Required action: Your answer must be the full listing, word for word, with no images in it.

━━━

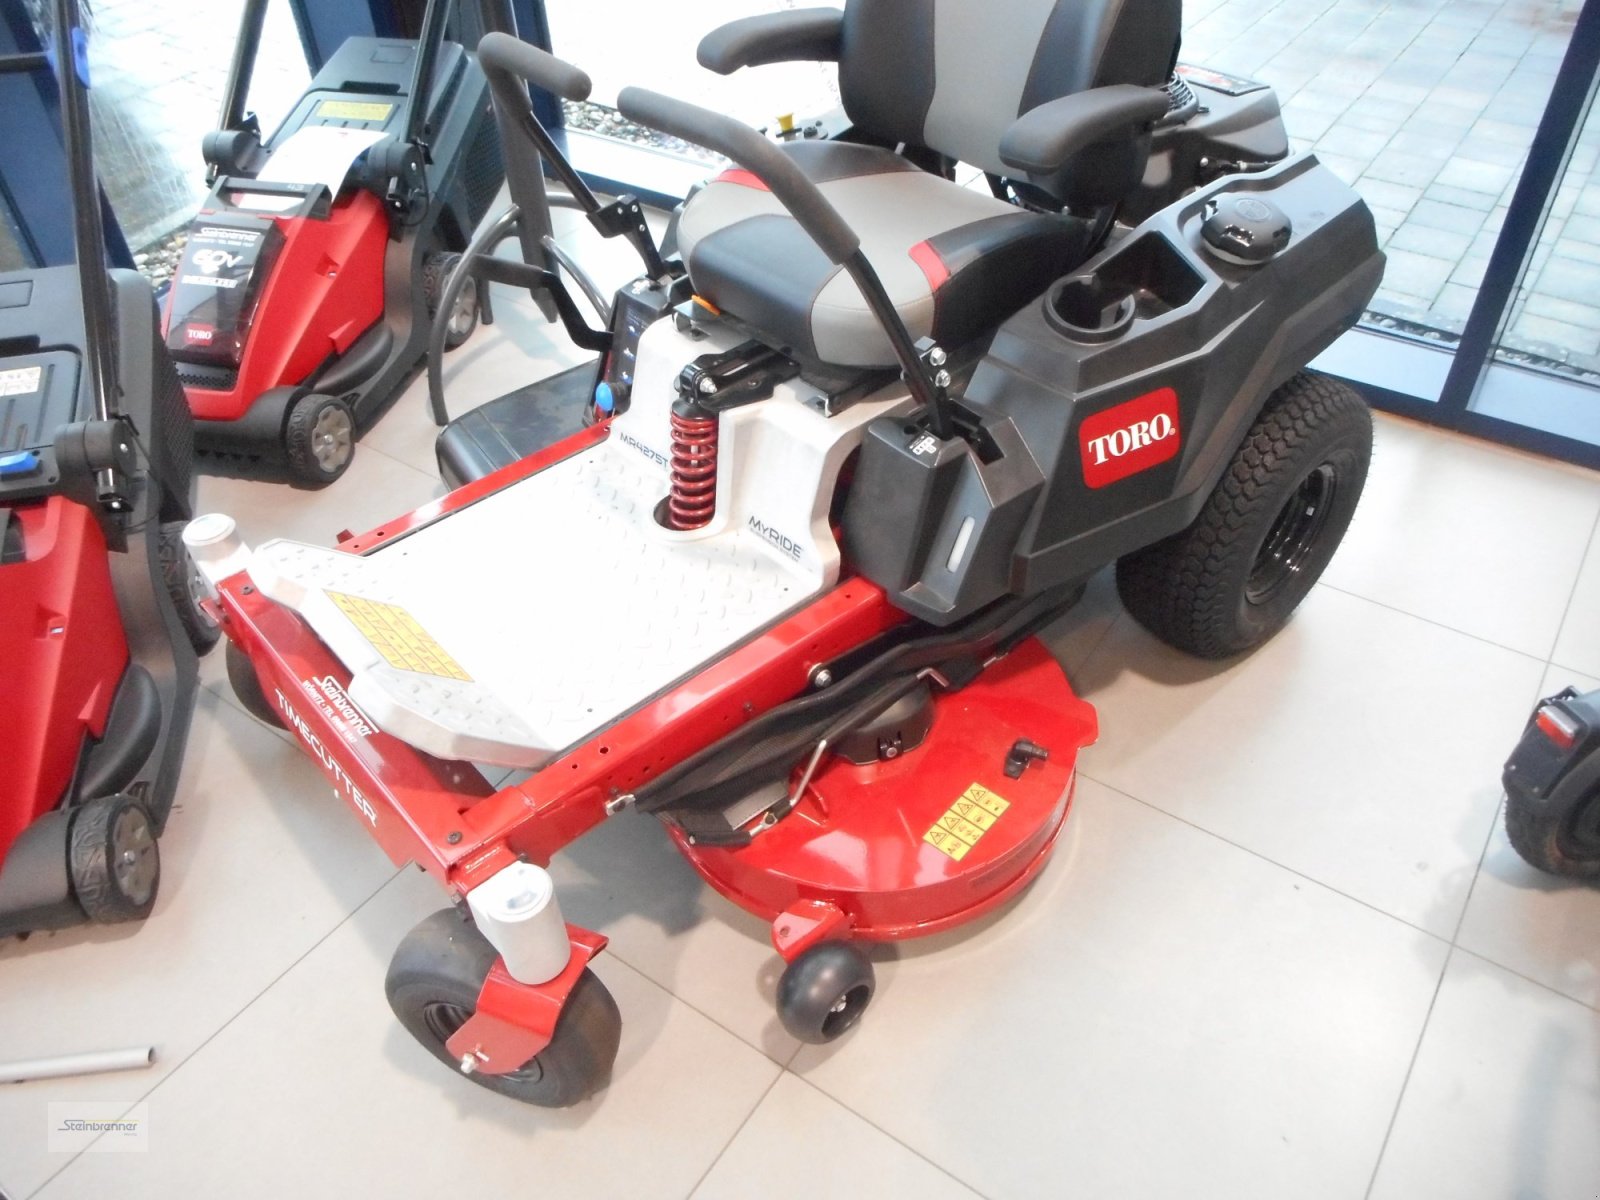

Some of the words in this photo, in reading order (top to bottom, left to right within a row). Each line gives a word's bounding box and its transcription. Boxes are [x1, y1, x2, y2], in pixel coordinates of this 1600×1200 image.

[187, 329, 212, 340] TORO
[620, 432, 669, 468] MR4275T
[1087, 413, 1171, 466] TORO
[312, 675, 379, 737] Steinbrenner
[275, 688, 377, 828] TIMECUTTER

━━━

Solution to the exercise:
Some of the words in this photo, in reading order (top to bottom, left to right within a row). Each line gives a word's bounding box and its transcription. Boxes are [x1, y1, x2, y2], in pixel coordinates of this 1600×1200 image.

[187, 329, 212, 340] TORO
[620, 432, 669, 468] MR4275T
[1087, 413, 1171, 466] TORO
[312, 675, 379, 737] Steinbrenner
[275, 688, 377, 828] TIMECUTTER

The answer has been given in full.